WORK REQUEST: Should an entry contain an image, omit it and repeat the rest exactly.

---------- EXCERPTED RECORDS ----------

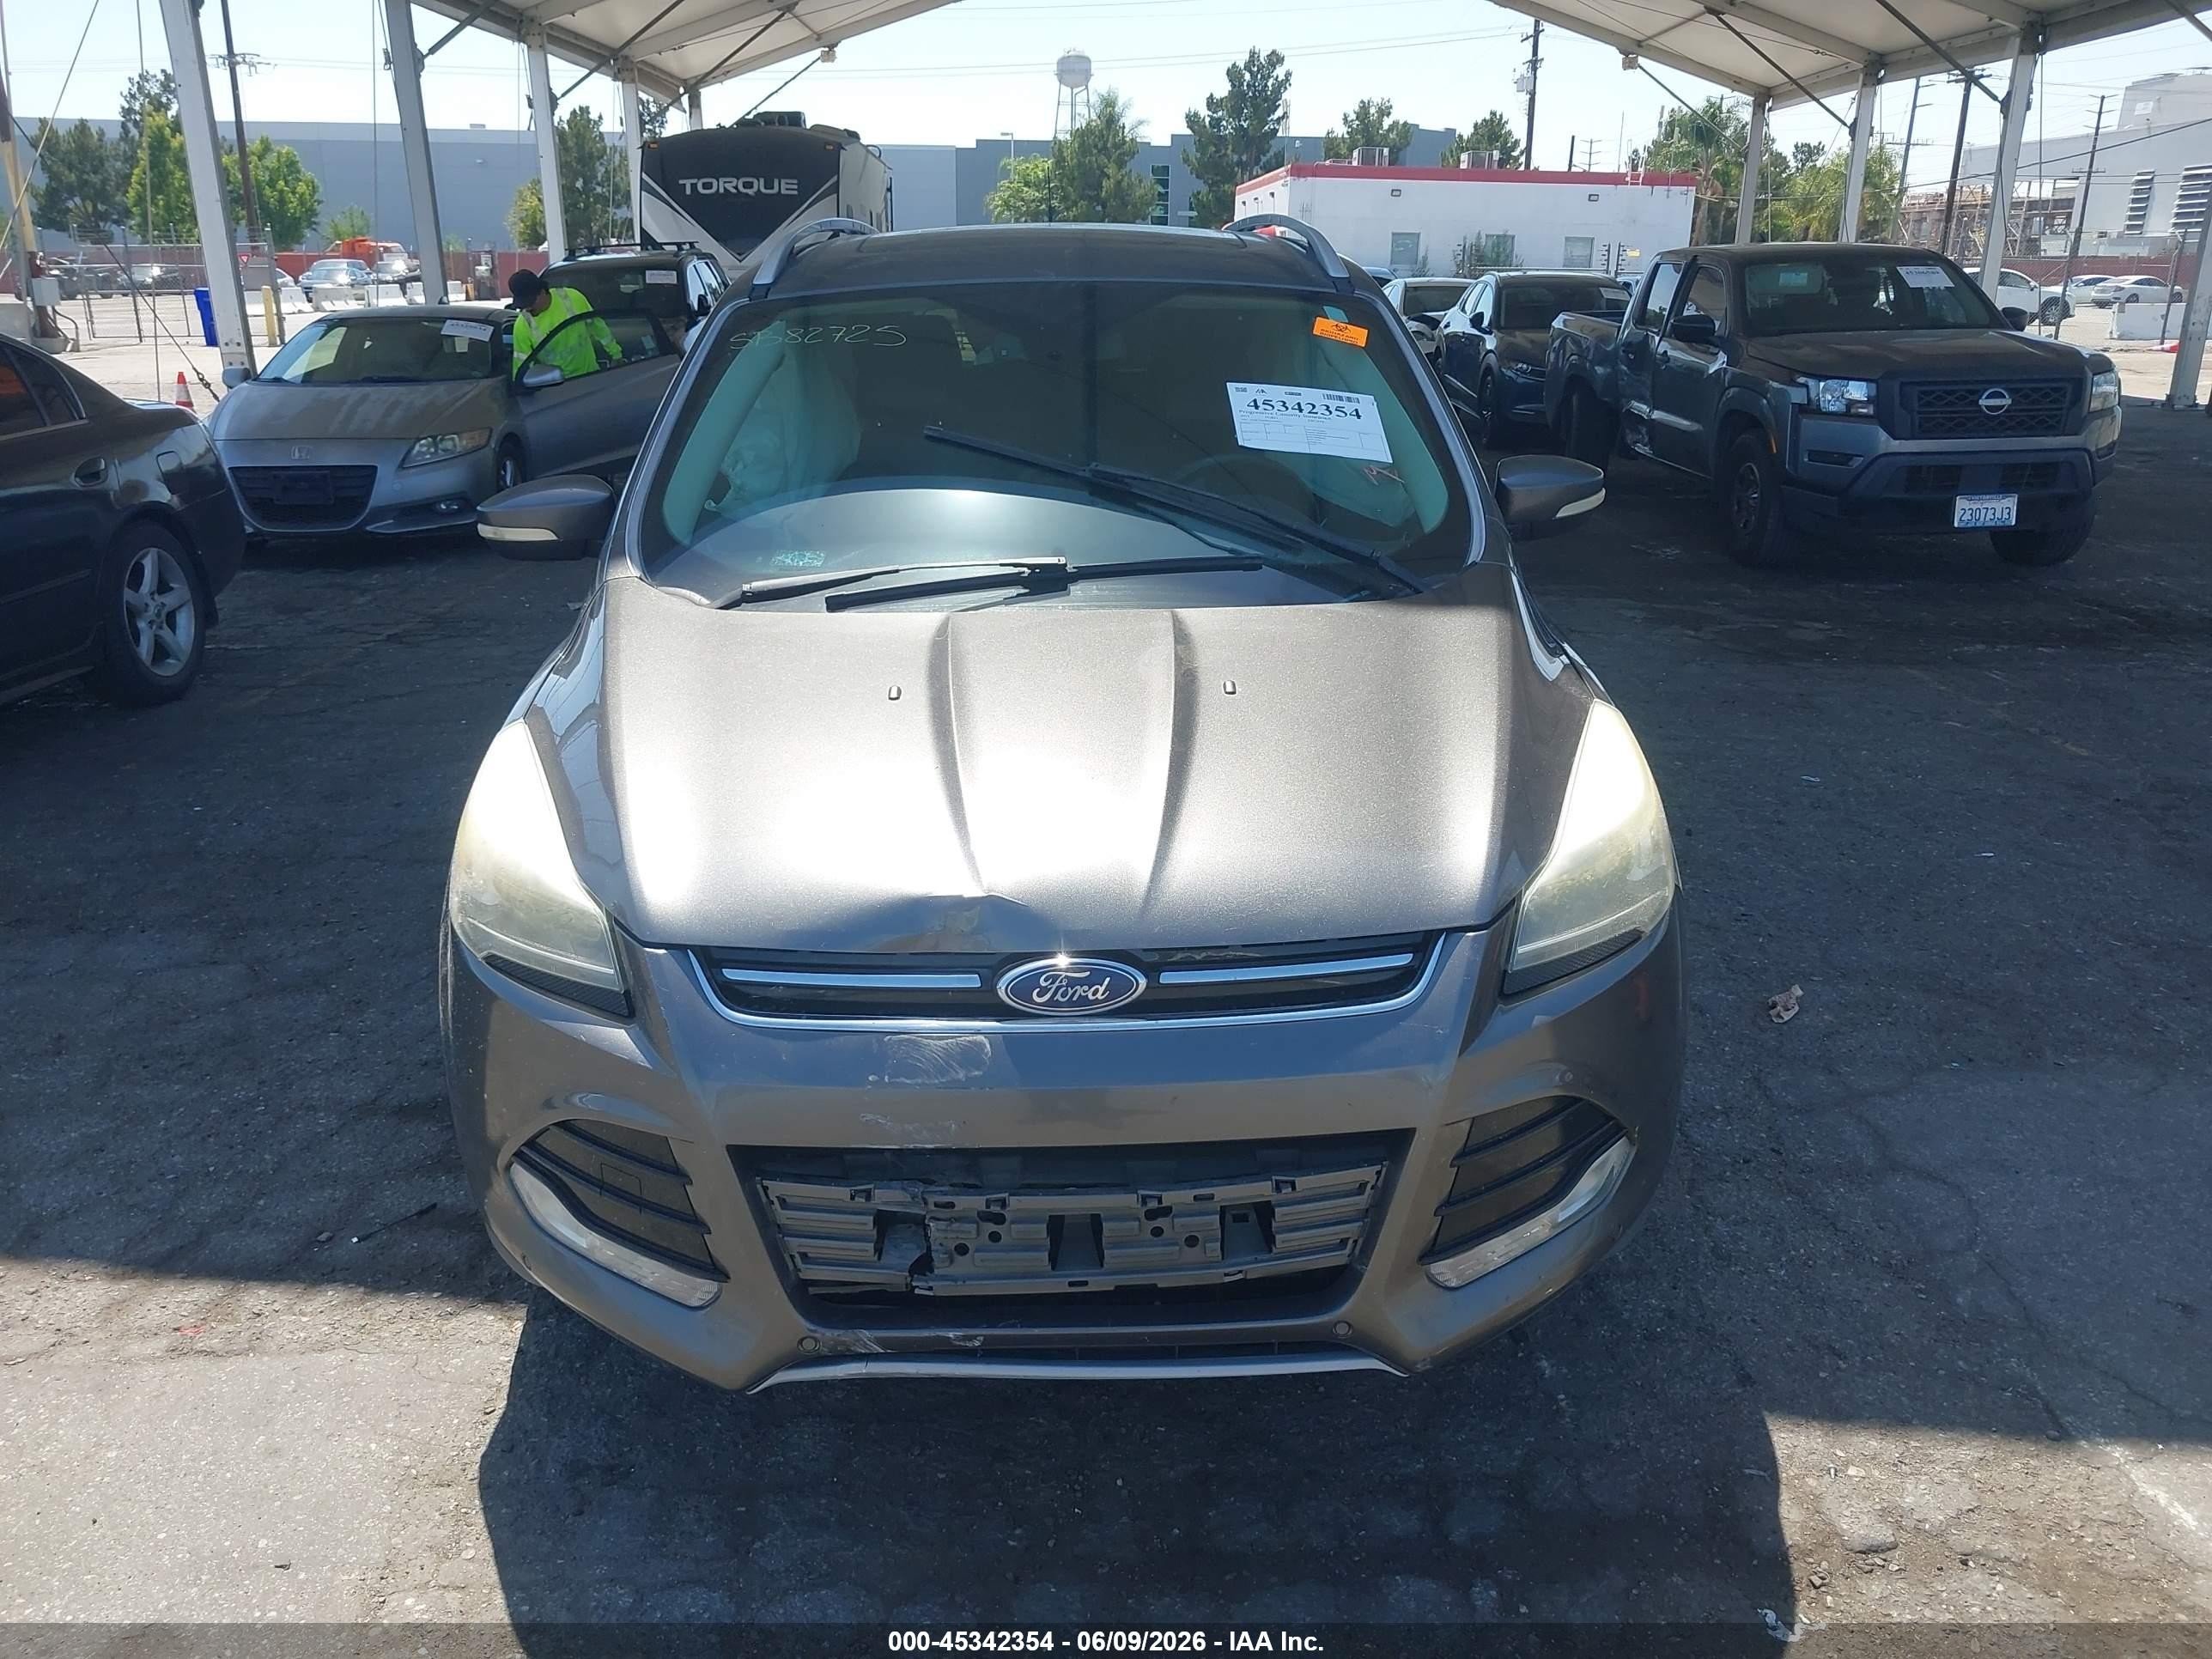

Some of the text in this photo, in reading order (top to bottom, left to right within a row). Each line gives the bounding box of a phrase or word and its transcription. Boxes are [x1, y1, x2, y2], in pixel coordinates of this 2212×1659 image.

[678, 177, 799, 196] TORQUE
[1246, 398, 1363, 420] 45342354
[1959, 507, 2012, 522] 23073J3
[1032, 971, 1110, 1003] Ford

----------

ANSWER TO THE PROBLEM:
Some of the text in this photo, in reading order (top to bottom, left to right within a row). Each line gives the bounding box of a phrase or word and its transcription. Boxes are [x1, y1, x2, y2], in pixel coordinates of this 2212×1659 image.

[678, 177, 799, 196] TORQUE
[1246, 398, 1363, 420] 45342354
[1959, 507, 2012, 522] 23073J3
[1032, 971, 1110, 1003] Ford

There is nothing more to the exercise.